Today was the final day. Sessions covered:

  • Positive Purpose
  • From Discovering to Living

 

As with most of the course, the Positive Purpose session could equally be used to consider our own search for meaning, as well as providing strategies for exploring purpose with students. One of the key nuggets of gold I will take away was from the introductory session, looking at the value of purpose and meaning. To paraphrase:

Those who have found meaning and purpose are fortunate.

Those who are searching for meaning and purpose are fortunate.

It is certainly true. Both the pursuit and the finding of purpose are valuable experiences. The state to guard against is purposelessness. Unfortunately, this is often where I see students, especially towards the end of year 10. At this point my thinking links back to earlier discussions of fixed and growth mindsets. Students with a growth mindset see the search for purpose as a valuable and challenging experience, those with a fixed mindset can give up, and slip into purposelessness.

In From Discovering to Living we explored the GGS model for the introduction of Positive Education and the related change management. It is based on advice from Martin Seligman:

Learn it, Live it, Teach it, Embed it

In the four-day residential course, we had the chance to learn it and live it.

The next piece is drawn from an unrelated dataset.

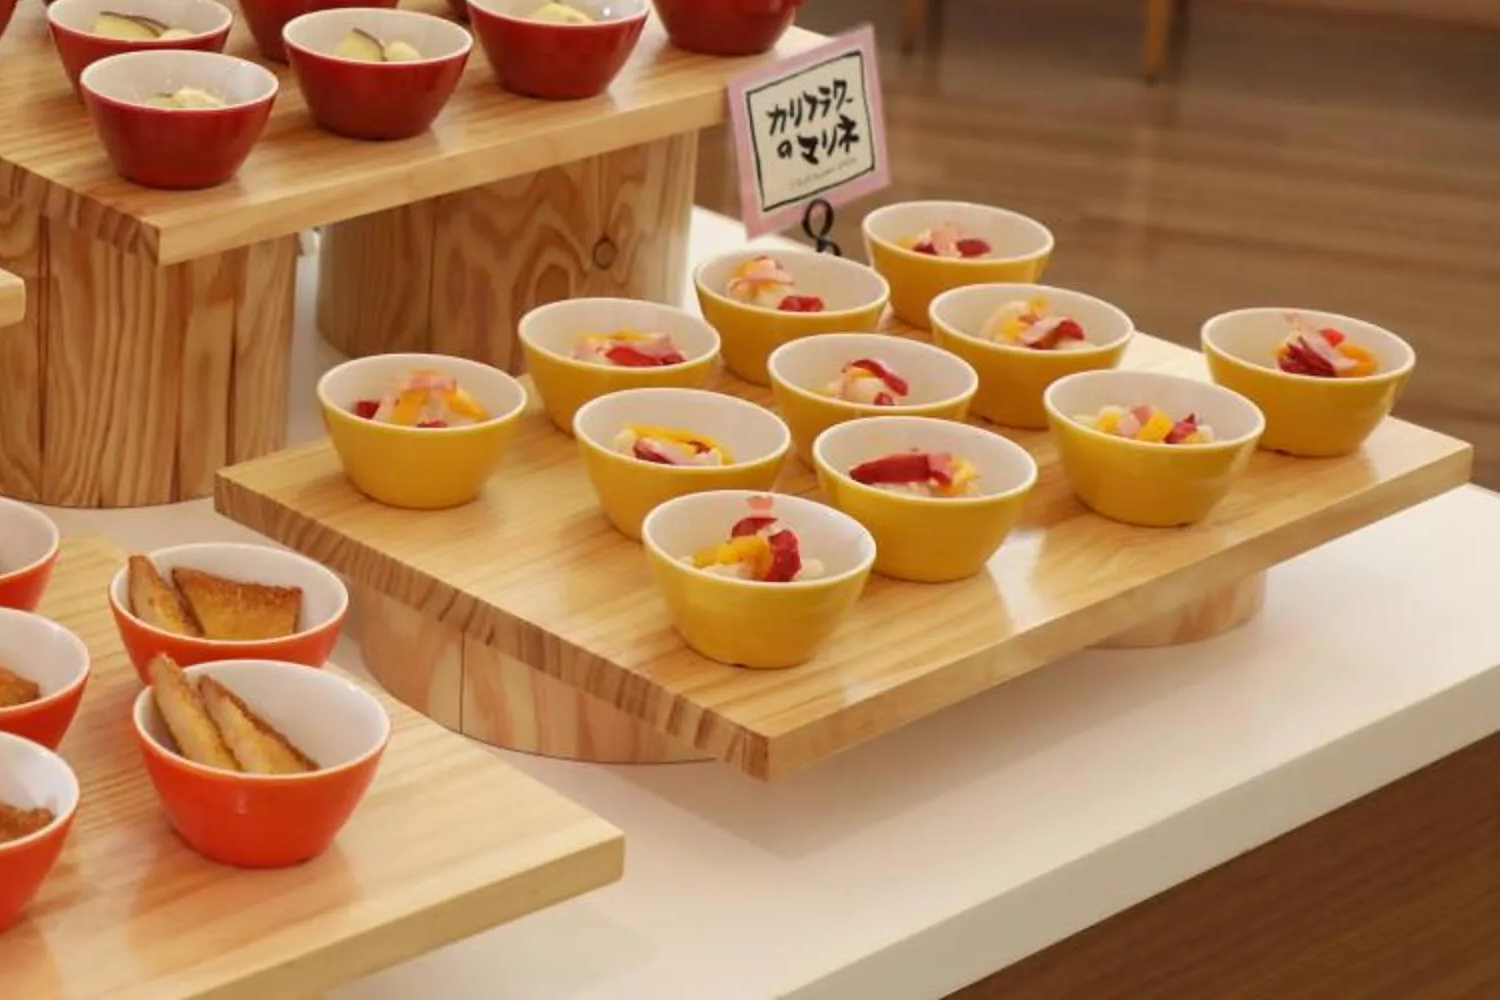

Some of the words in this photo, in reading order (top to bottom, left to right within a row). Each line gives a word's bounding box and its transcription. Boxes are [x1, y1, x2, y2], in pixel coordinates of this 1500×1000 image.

[766, 78, 854, 137] カリフラワー
[776, 113, 861, 166] のマリネ

Key to this is the idea of teachers truly living it before teaching it. Positive Education is not something that can simply be dropped into a school. It must be embraced by staff (and maybe even by parents and the school community) before it can be taught to students successfully. However, the model does not stop there. Embedding is about taking Pos Ed beyond the pastoral care program. It needs to infused into the school culture at all levels. It should be:

  • Applied in the academic curriculum
  • Expressed in assessment and reporting
  • Embedded in behaviour management policies and practices
  • Central to staff evaluation, feedback and professional development
  • Promoted and explained in parent communications and newsletters

Bringing together all of these aspects will support culture change, and allow the full, deep and authentic practice of Positive Education.

So there it is, we have come to the end of the course. Probably the most intensive, but also the most meaningful and worthwhile training I have ever attended. I can’t wait to get home, share with my family and colleagues and start my new way of thinking and teaching.

 

I thank my family for their love and support, without which none of this would be possible.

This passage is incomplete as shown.